Before assigning a scenario train to a railcar, first, candidate departure trains for that railcar are determined. A candidate departure train is any departure train that can carry the railcar's outbound block as a core block or as a filler block and whose cut-off time is after the railcar's arrival time in the switchyard and the switchyard processing standard, as discussed earlier. Obviously, a candidate departure train also takes into account the destination of the railcar. Departure trains that cannot carry the railcar to the intended destination are not considered. Also, departure trains that have a Scheduled Departure Time (SDT) that is before or after the objective departure train's SDT, can be suitable candidate departure trains, hence they are considered when determining the scenario train. However, note that in this example, a departure train that has an SDT that is before the SDT of the objective train can be a suitable candidate departure train only when it can carry the railcar in a filler block.
The set of candidate departure trains determined for each railcar may be augmented to include departure trains that depart before the railcar's arrival time plus the switchyard processing standard. This option may be useful in instances where the railcar is processed earlier than the switchyard standard and is able to connect to this train.
Before starting the iterative process, the remaining capacities of the candidate departure trains (for all railcars) are initialized by subtracting from the actual capacities the space taken up by railcars already processed and committed to the trains as per step 604 above.
The iterative process is a series of passes that consider all the candidate departure trains and assign each railcar to a candidate departure train that becomes the scenario departure train for that railcar.

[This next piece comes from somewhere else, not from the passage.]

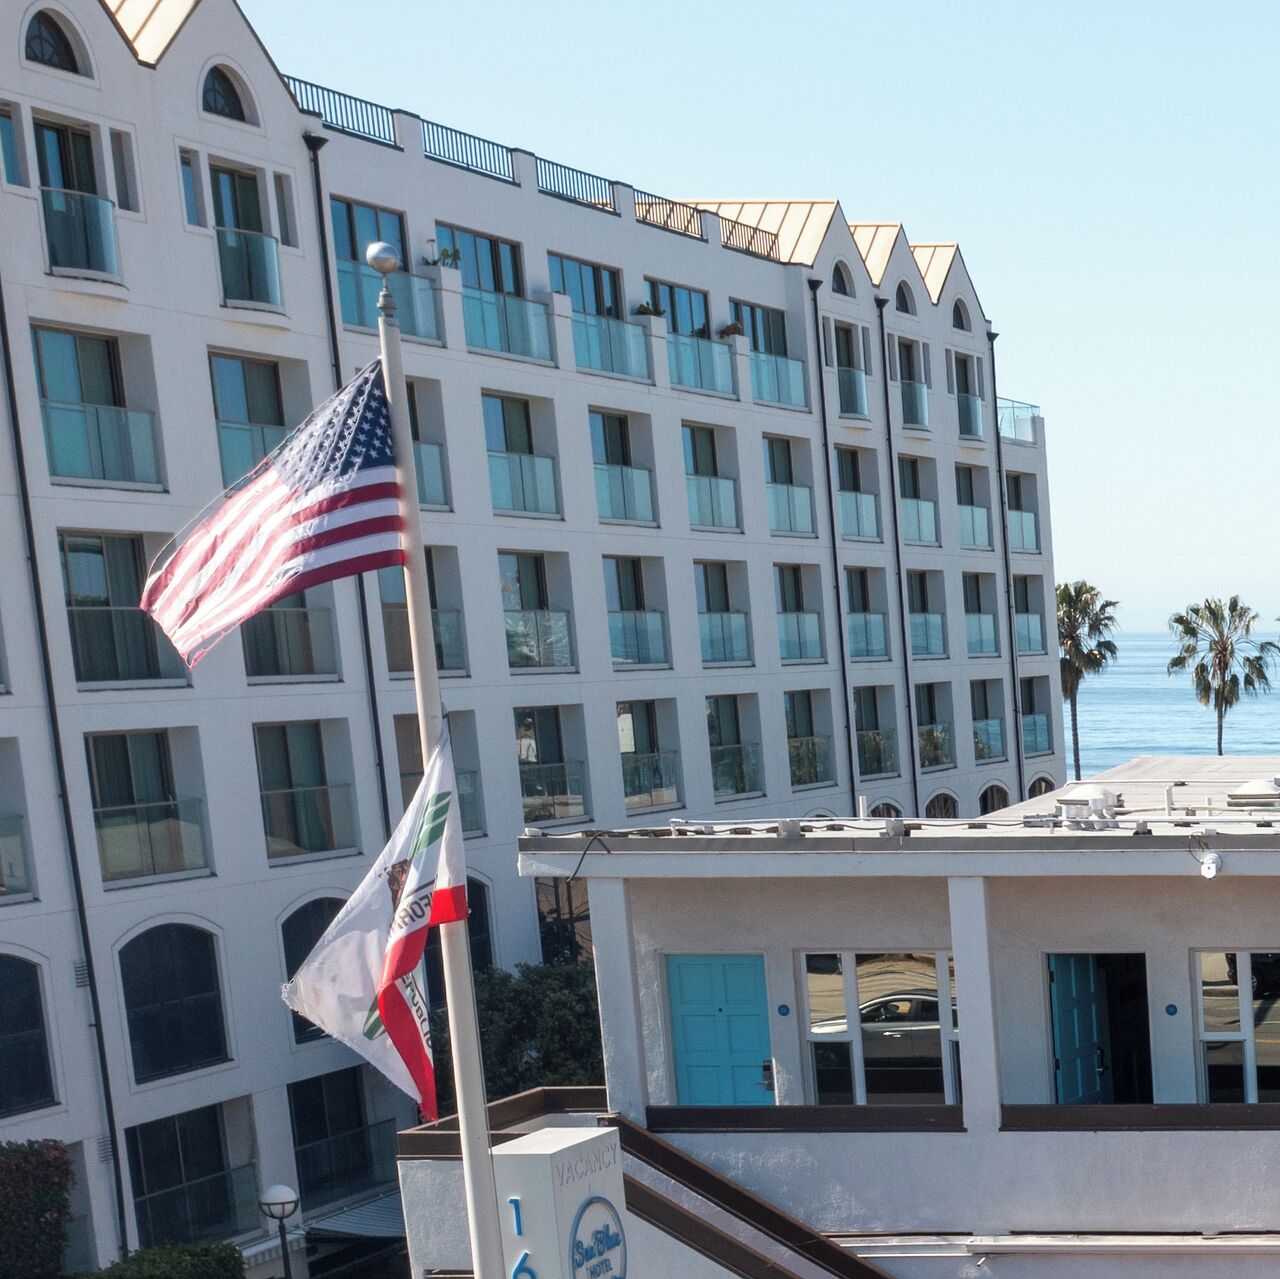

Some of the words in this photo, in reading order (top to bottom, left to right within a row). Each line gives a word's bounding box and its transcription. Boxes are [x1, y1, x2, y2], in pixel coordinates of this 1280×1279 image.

The iterative process starts with a first pass. As indicated earlier the railcars are examined in the order of their expected switching time. In this pass only those candidate departure trains that have a core block for a railcar are considered for assignment. For instance, consider the first railcar of the first cut in the sequence. This railcar is processed before any other railcar since it has the earliest expected switching time. The OM controller 46 that has previously identified the candidate departure trains for that railcar will select the one that has:
The selected train by the OM controller 46 is tentatively assigned to the railcar as a scenario departure train and that departure train and block remaining capacities are reduced by one.
Once the first pass is completed a second pass is initiated which performs a broader assessment and attempts to find space for the railcar in a departure train either in a core block or in a filler block. The second pass processing first determines if there are any activated filler blocks on anyone of the candidate departure trains determined for the railcar. If there are no activated filler blocks on anyone of the candidate departure trains then the second pass is not required and the scenario departure train tentatively assigned to the railcar during the first pass is now confirmed as actual scenario departure train. On the other hand, if there are activated filler blocks on one or more of the candidate departure trains, first a computation is done to assess the capacity of the filler blocks. The capacity of a filler block is computed as the train's capacity minus the space taken up by all the core block railcars assigned to this train, such as the railcars assigned in the first pass. Note that if more than one filler block for a given candidate departure train has been activated, then the filler block capacity computed above is jointly shared by the several filler blocks and it will be allocated on a First-In, First-Out (FIFO) basis.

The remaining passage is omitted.